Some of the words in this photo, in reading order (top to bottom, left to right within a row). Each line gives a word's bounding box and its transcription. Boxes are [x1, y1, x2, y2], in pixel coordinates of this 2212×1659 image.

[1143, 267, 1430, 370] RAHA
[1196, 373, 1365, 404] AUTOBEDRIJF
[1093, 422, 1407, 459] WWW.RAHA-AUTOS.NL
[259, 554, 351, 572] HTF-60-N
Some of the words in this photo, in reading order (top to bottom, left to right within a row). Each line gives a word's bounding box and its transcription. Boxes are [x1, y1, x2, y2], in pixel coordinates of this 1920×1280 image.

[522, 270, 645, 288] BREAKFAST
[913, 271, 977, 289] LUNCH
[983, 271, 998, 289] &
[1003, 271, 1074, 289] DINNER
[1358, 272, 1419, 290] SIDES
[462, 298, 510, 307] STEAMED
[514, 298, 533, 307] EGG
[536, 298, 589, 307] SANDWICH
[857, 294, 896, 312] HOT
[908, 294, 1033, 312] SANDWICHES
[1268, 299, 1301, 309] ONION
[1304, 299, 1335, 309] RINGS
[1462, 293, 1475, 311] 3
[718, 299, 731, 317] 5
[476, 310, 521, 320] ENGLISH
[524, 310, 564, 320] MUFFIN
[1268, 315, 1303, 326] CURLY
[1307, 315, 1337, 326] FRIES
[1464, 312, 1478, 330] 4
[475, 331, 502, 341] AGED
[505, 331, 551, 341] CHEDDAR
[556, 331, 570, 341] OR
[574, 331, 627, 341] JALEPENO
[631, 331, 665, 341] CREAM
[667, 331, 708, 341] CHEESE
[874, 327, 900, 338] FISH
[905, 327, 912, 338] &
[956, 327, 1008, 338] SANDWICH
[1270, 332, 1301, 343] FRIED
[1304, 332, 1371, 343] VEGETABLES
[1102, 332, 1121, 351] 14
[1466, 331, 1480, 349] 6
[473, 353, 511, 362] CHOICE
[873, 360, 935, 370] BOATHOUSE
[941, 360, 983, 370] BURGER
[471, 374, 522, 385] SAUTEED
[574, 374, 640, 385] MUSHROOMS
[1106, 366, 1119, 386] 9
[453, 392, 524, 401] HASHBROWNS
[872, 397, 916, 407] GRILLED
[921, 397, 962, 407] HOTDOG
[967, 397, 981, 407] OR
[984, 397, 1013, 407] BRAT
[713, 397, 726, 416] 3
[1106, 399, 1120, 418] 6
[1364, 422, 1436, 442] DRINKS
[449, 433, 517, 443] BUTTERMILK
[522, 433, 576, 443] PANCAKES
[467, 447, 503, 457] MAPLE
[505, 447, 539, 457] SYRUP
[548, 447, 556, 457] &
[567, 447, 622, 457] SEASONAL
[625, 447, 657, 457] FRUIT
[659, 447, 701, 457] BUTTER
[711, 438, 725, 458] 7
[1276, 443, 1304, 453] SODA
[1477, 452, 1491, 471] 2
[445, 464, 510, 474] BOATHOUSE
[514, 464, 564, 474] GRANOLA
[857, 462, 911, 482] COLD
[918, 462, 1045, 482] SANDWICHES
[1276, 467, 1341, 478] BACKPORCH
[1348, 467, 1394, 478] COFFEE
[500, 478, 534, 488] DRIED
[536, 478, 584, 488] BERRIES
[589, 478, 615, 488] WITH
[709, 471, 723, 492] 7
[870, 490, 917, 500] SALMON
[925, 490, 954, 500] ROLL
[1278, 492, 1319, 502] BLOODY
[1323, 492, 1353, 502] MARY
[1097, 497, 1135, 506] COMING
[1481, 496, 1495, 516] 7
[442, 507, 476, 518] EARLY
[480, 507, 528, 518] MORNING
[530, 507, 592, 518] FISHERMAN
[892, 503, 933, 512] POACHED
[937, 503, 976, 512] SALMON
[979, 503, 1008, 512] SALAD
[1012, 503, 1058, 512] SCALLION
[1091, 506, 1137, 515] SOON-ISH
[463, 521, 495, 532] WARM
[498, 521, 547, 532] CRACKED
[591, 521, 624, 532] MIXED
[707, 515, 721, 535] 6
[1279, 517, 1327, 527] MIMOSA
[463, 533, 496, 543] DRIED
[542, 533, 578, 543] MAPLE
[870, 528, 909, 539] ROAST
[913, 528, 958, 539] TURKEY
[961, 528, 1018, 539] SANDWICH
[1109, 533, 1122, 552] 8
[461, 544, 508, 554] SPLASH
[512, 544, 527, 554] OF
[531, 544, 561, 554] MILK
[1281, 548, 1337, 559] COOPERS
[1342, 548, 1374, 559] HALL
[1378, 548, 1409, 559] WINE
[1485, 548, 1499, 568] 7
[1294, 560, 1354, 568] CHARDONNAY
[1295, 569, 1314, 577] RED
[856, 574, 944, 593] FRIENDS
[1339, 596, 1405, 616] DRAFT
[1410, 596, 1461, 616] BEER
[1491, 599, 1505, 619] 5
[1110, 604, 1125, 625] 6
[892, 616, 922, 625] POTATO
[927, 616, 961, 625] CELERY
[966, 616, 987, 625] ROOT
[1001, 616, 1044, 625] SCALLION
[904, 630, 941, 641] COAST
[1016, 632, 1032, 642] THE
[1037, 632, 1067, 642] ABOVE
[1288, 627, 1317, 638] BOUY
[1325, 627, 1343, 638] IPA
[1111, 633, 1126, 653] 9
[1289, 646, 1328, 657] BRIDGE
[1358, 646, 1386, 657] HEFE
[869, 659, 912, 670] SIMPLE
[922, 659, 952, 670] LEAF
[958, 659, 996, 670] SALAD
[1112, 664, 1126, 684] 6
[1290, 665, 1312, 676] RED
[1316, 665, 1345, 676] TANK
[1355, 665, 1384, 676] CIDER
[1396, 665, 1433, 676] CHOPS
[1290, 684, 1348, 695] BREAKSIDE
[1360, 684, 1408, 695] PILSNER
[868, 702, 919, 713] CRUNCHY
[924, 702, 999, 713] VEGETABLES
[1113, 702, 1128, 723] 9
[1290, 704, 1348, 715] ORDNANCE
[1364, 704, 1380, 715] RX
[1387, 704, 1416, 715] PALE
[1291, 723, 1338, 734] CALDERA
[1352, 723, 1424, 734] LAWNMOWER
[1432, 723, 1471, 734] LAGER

******

- **Problem requirements**: From the records above, copy every line that includes the word "Each".

- **Task answer**:
Some of the words in this photo, in reading order (top to bottom, left to right within a row). Each line gives a word's bounding box and its transcription. Boxes are [x1, y1, x2, y2], in pixel coordinates of this 2212×1659 image.
Some of the words in this photo, in reading order (top to bottom, left to right within a row). Each line gives a word's bounding box and its transcription. Boxes are [x1, y1, x2, y2], in pixel coordinates of this 1920×1280 image.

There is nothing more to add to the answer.